From the Frank Rundle House. Royal Hospital for Women. 188 Oxford St, Paddington. 2021 New South Wales
Abstract: (6088 Views)
To assess the relative contribution of genetic and environmental factors
(particularly androgens) on circulating levels of lipid fractions, serum androgen
and lipid fractions were measured in 34 pairs of female-female twins aged from 15-
45 years, some of whom were discordant for polycystic ovary syndrome (PCOS)
diagnosed by ultrasound. Nineteen pairs were monozygotic twins (MZ) and 15
pairs were dizygotic twins (DZ). Five pairs of MZ and 6 pairs of DZ were
discordant for scan-PC a. We measured serum concentrations of total cholesterol
(TC), high density lipoprotein cholesterol (HDL-C), triglycerides (TRIG),
lipoprotein (a) [LP(a)], and apolipoprotein B (apo B). Also, testosterone (T),
dehydroepiandrosterone sulphate (DHEAS), sex hormone binding globulin (SHBG)

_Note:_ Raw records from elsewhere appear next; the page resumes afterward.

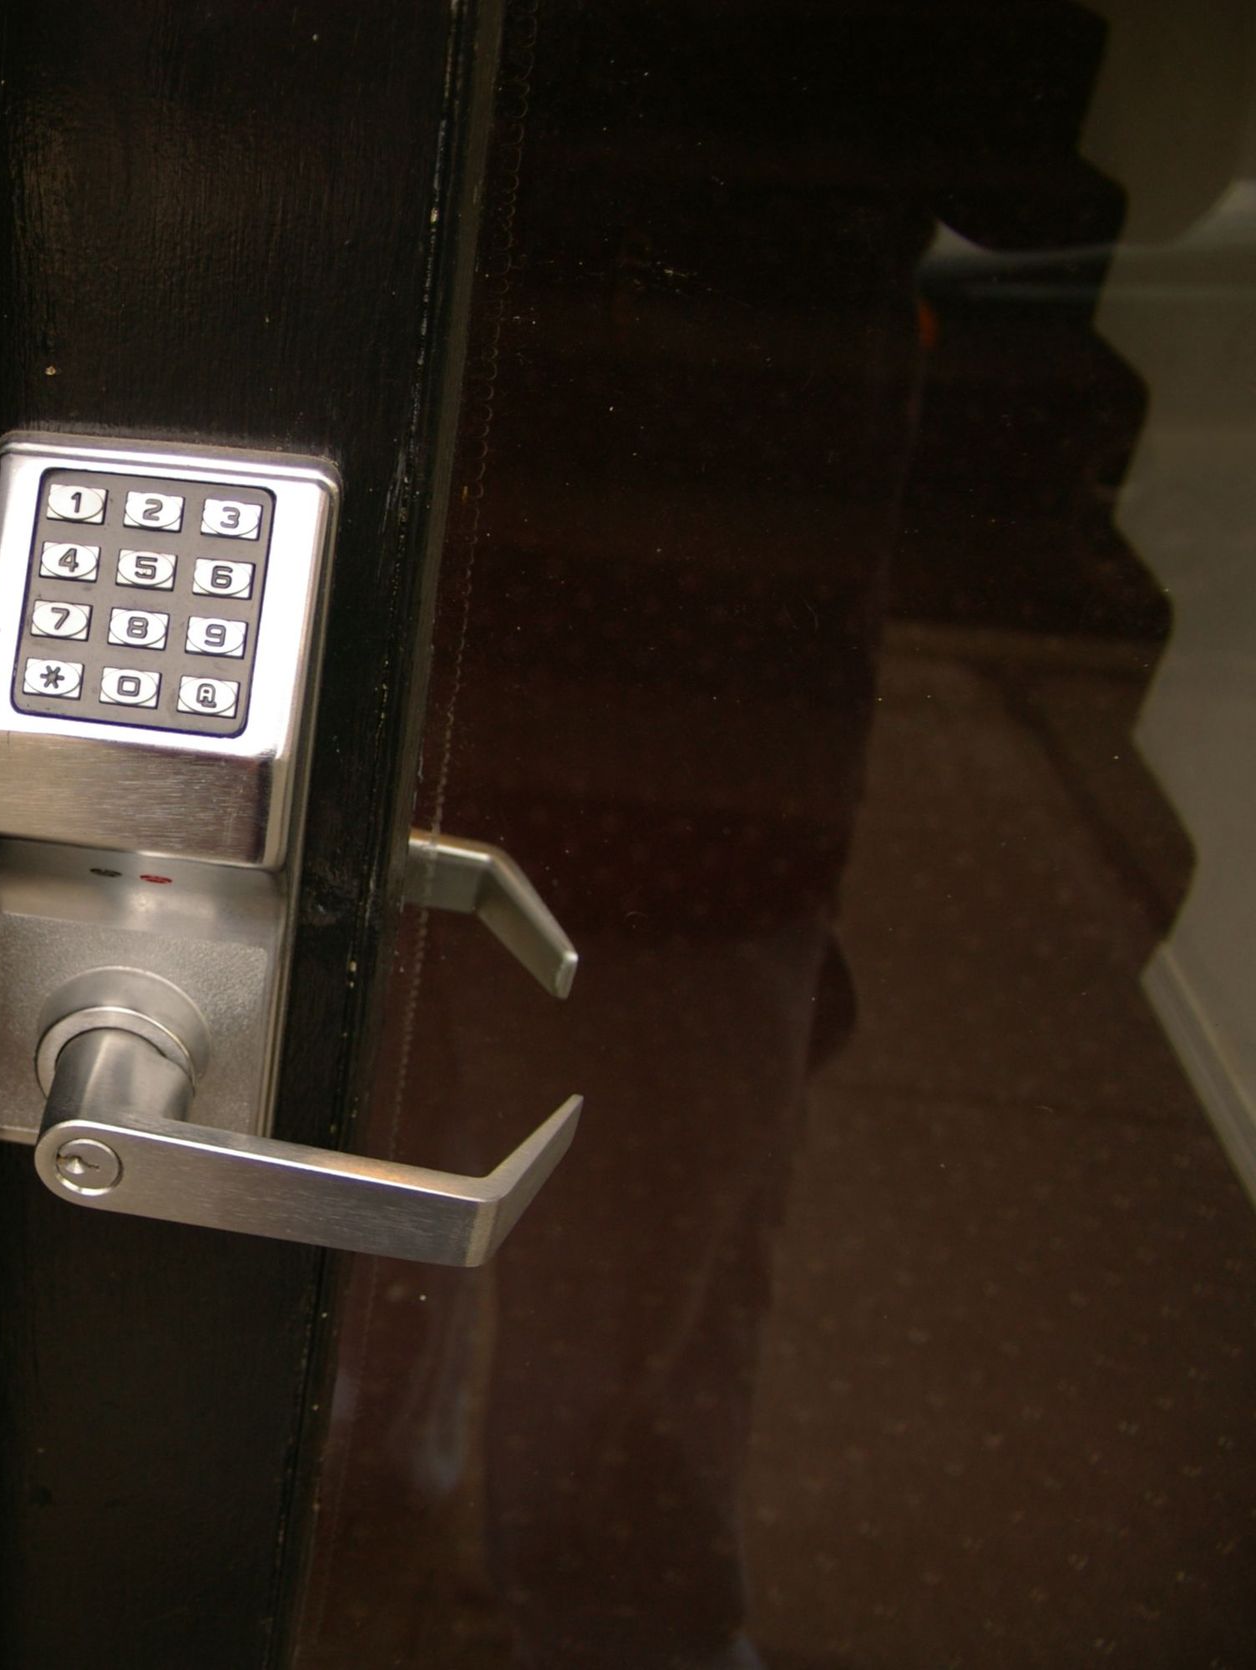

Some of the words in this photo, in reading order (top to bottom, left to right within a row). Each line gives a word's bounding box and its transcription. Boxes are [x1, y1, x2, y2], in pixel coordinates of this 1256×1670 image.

[70, 492, 83, 513] 1
[143, 498, 163, 521] 2
[219, 506, 241, 529] 3
[58, 547, 79, 572] 4
[134, 556, 158, 580] 5
[210, 565, 234, 589] 6
[50, 607, 71, 630] 7
[126, 616, 149, 639] 8
[204, 623, 227, 647] 9
[116, 675, 141, 697] 0

and 3a-androstanediol glucuronide (3a-diol G) levels were measured.
Transabdominal ultrasound was performed. Serum levels of TC, HDL-C, TRIG,
LP(a) and apo B in the twins with PCO were not significantly different from the
levels in their matched co-twins with normal ovaries. There were no significant
correlations between androgen-hormones including T, DHEAS and 3a-diol G
with any of the lipid measurements. Body mass index (BMI) was positively
correlated with TRIG, LP(a) (both p<0.05) and negatively correlated with HDLC
(p<0.001). SHBG was negatively correlated with TRIG and LP(a) and positively
associated with HDL-C (p<0.05). Insulin was significantly correlated with TRIG
(p<0.001) and negatively with HDL-C (p<0.01). The MZ intraclass correlation
exceeded that of the DZ for all the lipid variables measured. The heritability
estimates for LP(a), apo B, TC and HDL-C were 0.95, 0.56, 0.48 and 0.54,
respectively. However, the intraclass correlation coefficient for TRIG was not
significantly different between MZ and DZ but maximum likelihood analysis
indicated that at least 10% of the variance of circulating TRIG concentration is
determined by genetic factors. We conclude that twins discordant for pcas do not
have significantly different lipid profiles. We were unable to show any significant
effect of androgens on the lipid fractions measured. The results confirm that levels
of LP(a), HDL-C, TC and apo B are under significant genetic control and that this
is particularly so for LP(a). However, only 10% of the variation in TRIG levels
could be attributed to genetic influences after controlling for age and obesity.
Increase in BMI and insulin had a significant adverse effect on the lipid profile in
these female twins, effects which may enhance coronary risk.